Segment Start: Material provided
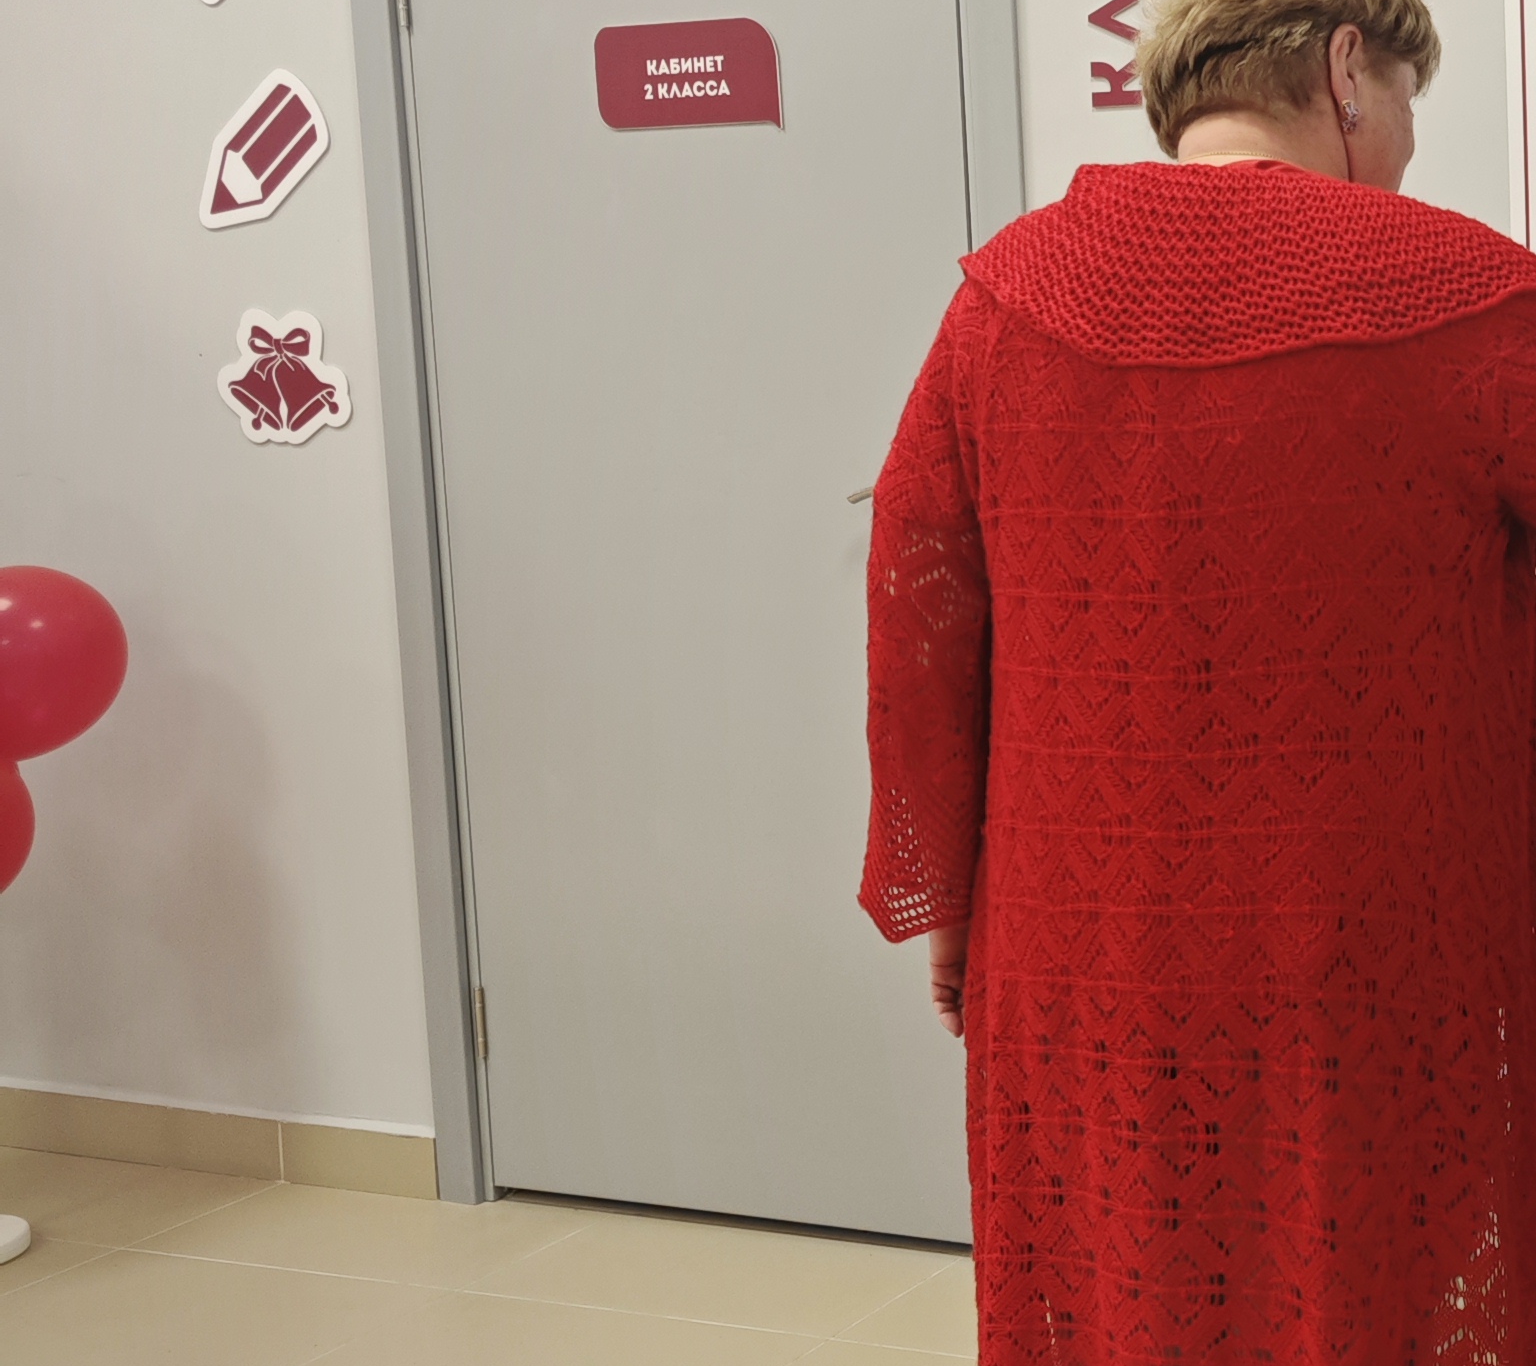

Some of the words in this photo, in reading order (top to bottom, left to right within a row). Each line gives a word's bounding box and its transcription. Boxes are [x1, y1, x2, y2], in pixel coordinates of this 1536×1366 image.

[645, 54, 725, 76] КАБИНЕТ
[643, 83, 654, 100] 2
[657, 79, 731, 100] КЛАССА
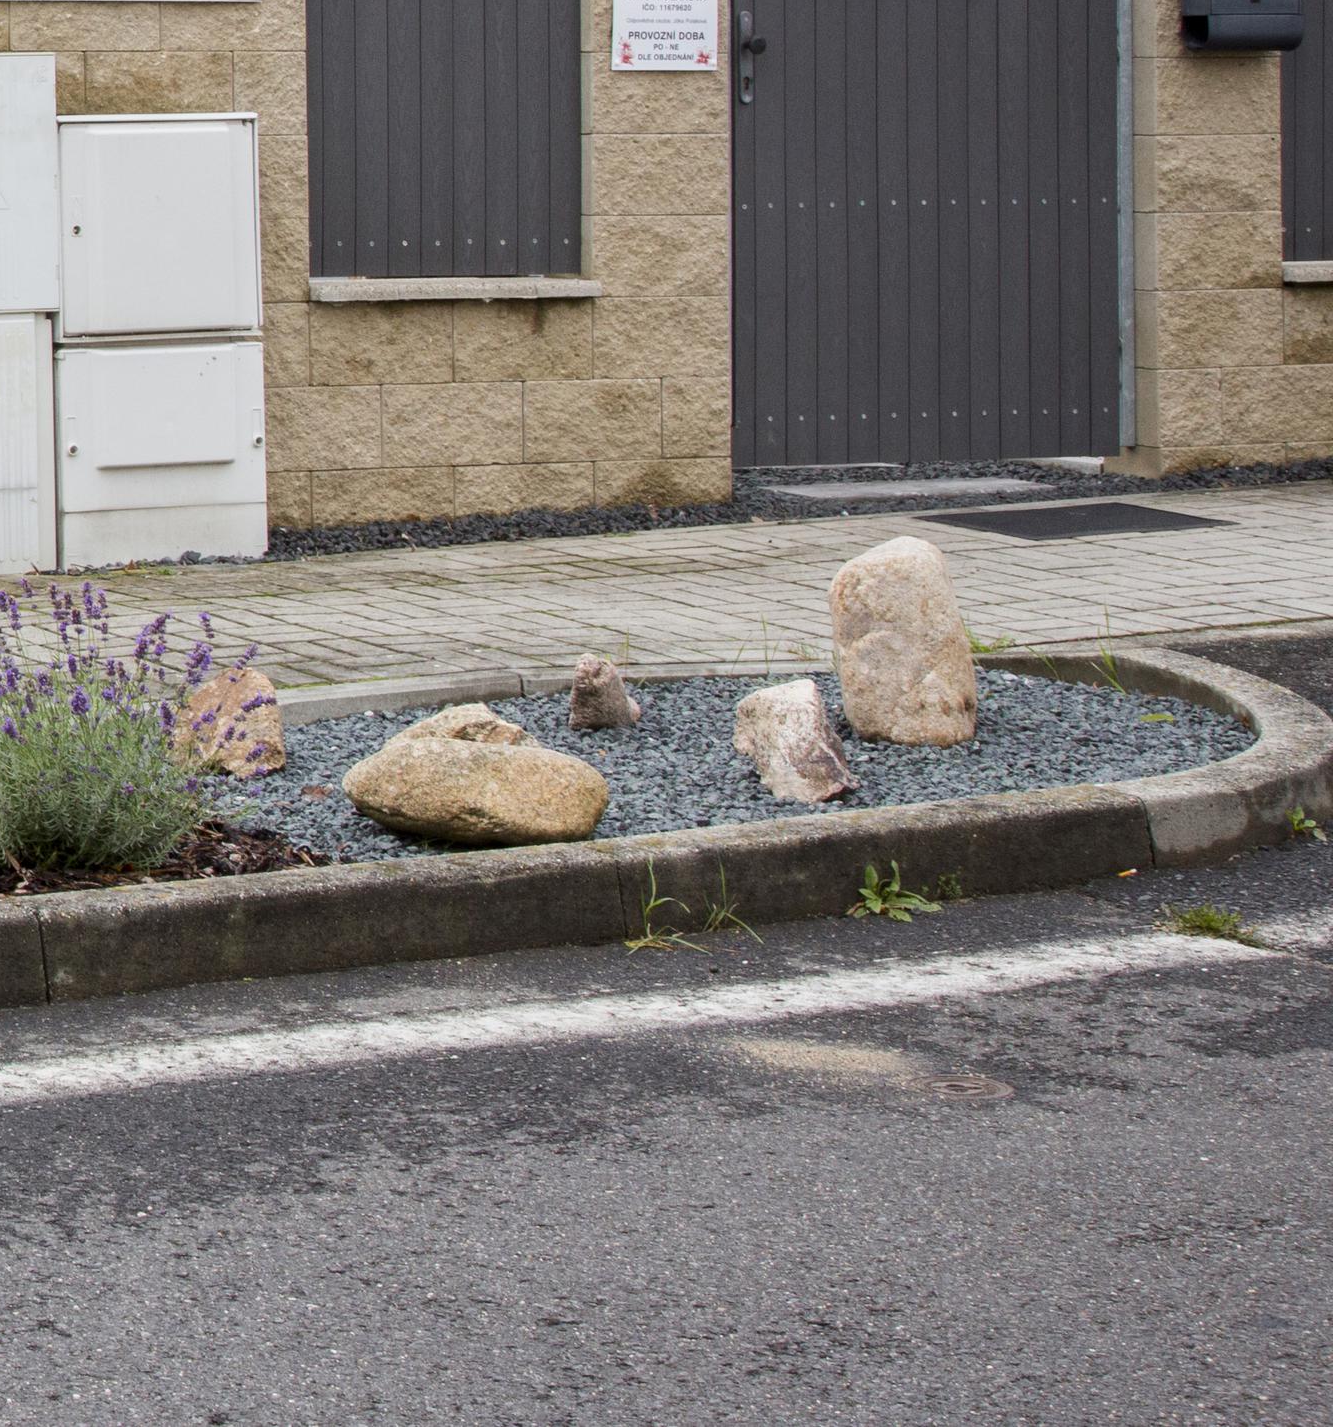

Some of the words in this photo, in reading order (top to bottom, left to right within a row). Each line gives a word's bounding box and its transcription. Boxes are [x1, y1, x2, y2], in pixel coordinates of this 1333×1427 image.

[628, 30, 675, 40] PROVOZNÍ
[678, 31, 705, 40] DOBA
[653, 52, 694, 61] OBJEDNÁNÍ
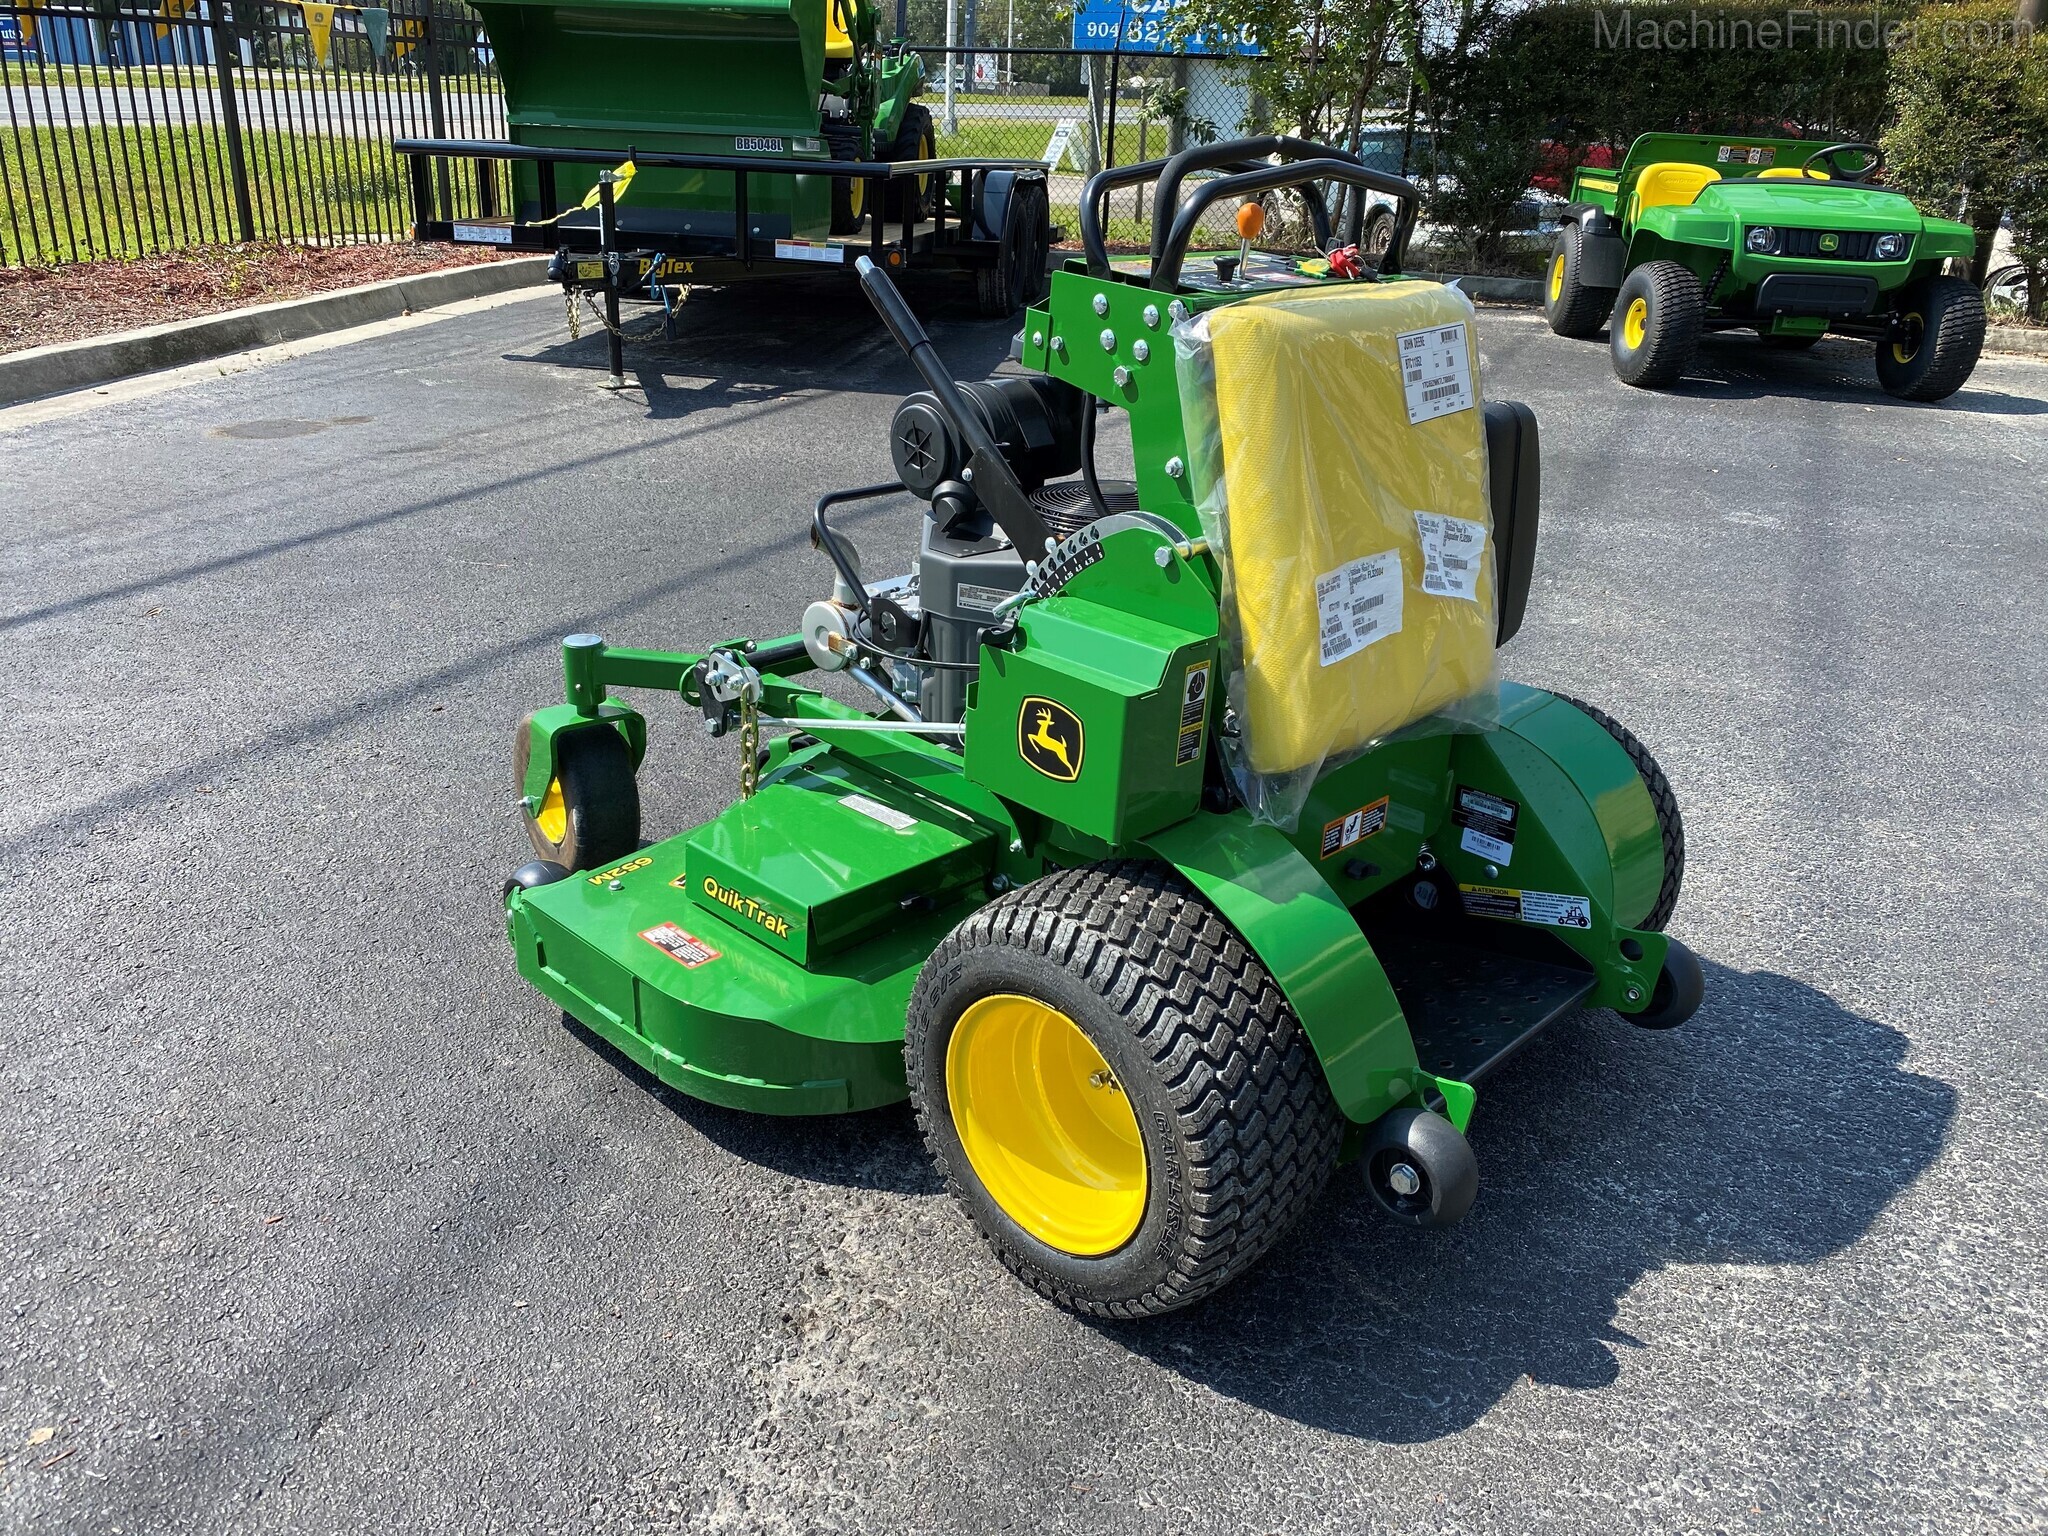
Segment End: Material provided
→ **Work to be completed**: Copy the lines exactly. Start at the line with "this 1333×1427 image.", end at the last line above, include both, and omit all pictures.

→ **Result**:
Some of the words in this photo, in reading order (top to bottom, left to right within a row). Each line gives a word's bounding box and its transcription. Boxes are [x1, y1, x2, y2], in pixel coordinates of this 1333×1427 image.

[628, 30, 675, 40] PROVOZNÍ
[678, 31, 705, 40] DOBA
[653, 52, 694, 61] OBJEDNÁNÍ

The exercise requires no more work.